◆ **Work order**:
I'd like the entire listing output verbatim, apart from the pictures.
===== Recorded information =====
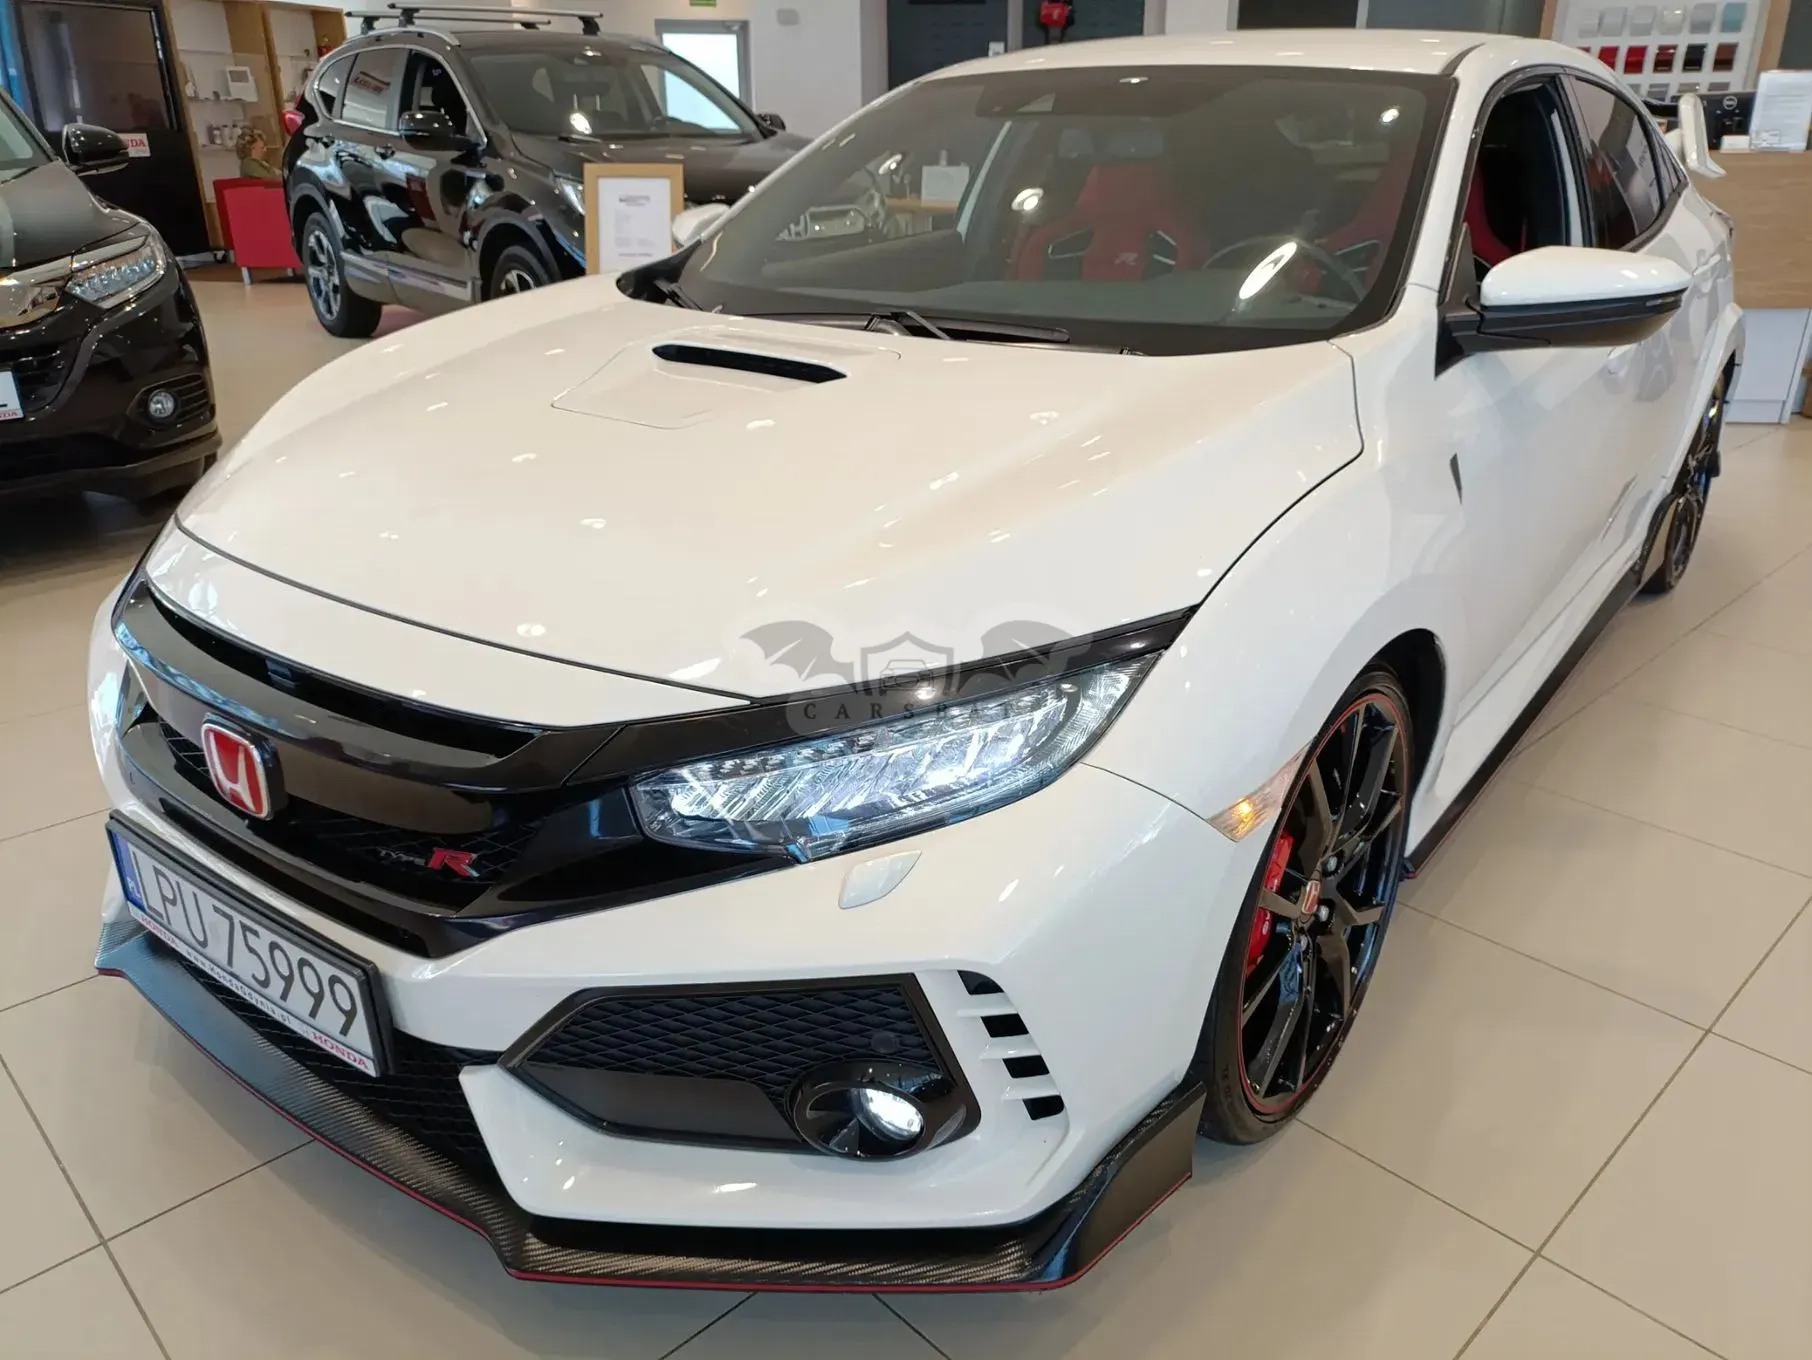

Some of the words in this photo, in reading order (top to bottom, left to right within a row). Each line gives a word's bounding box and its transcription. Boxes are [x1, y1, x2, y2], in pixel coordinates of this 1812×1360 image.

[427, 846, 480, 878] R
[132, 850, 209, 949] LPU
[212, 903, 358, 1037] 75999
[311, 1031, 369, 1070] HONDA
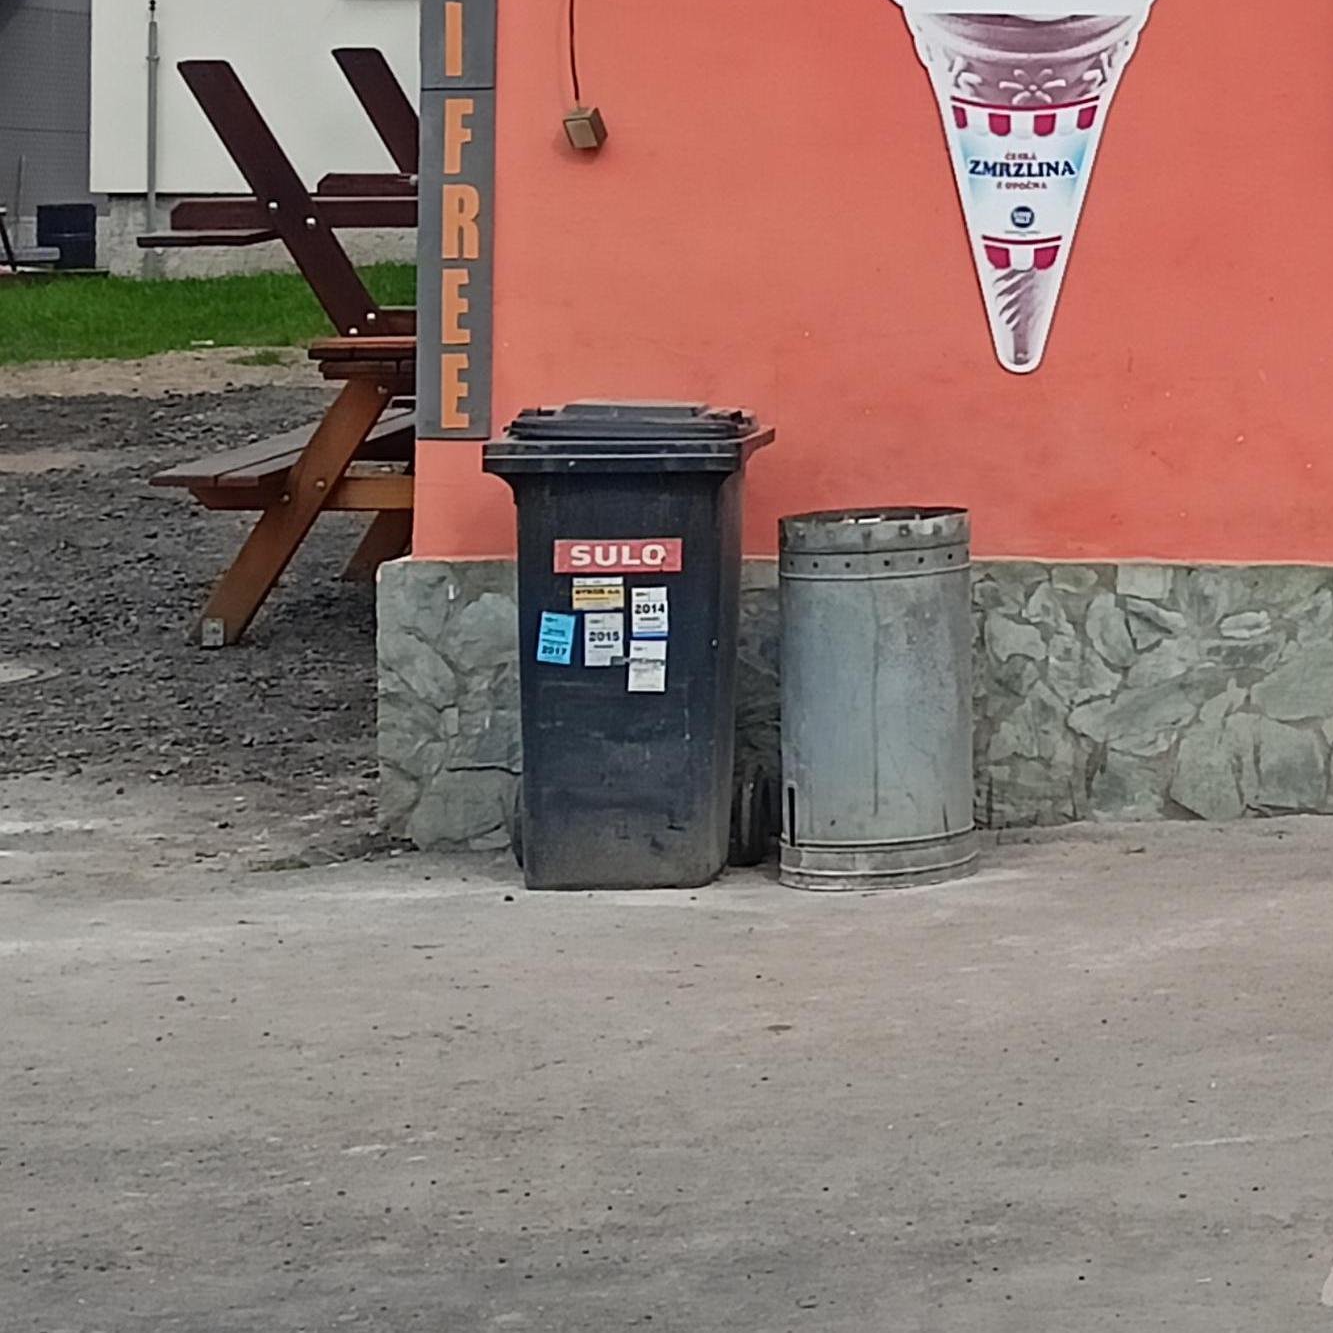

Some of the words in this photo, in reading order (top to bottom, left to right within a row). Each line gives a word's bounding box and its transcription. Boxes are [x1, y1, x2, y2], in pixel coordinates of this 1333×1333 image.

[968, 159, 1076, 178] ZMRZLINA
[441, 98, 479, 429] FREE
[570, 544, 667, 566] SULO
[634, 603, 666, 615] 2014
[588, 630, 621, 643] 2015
=====
◆ **Response to this exercise**:
Some of the words in this photo, in reading order (top to bottom, left to right within a row). Each line gives a word's bounding box and its transcription. Boxes are [x1, y1, x2, y2], in pixel coordinates of this 1812×1360 image.

[427, 846, 480, 878] R
[132, 850, 209, 949] LPU
[212, 903, 358, 1037] 75999
[311, 1031, 369, 1070] HONDA

Some of the words in this photo, in reading order (top to bottom, left to right within a row). Each line gives a word's bounding box and its transcription. Boxes are [x1, y1, x2, y2], in pixel coordinates of this 1333×1333 image.

[968, 159, 1076, 178] ZMRZLINA
[441, 98, 479, 429] FREE
[570, 544, 667, 566] SULO
[634, 603, 666, 615] 2014
[588, 630, 621, 643] 2015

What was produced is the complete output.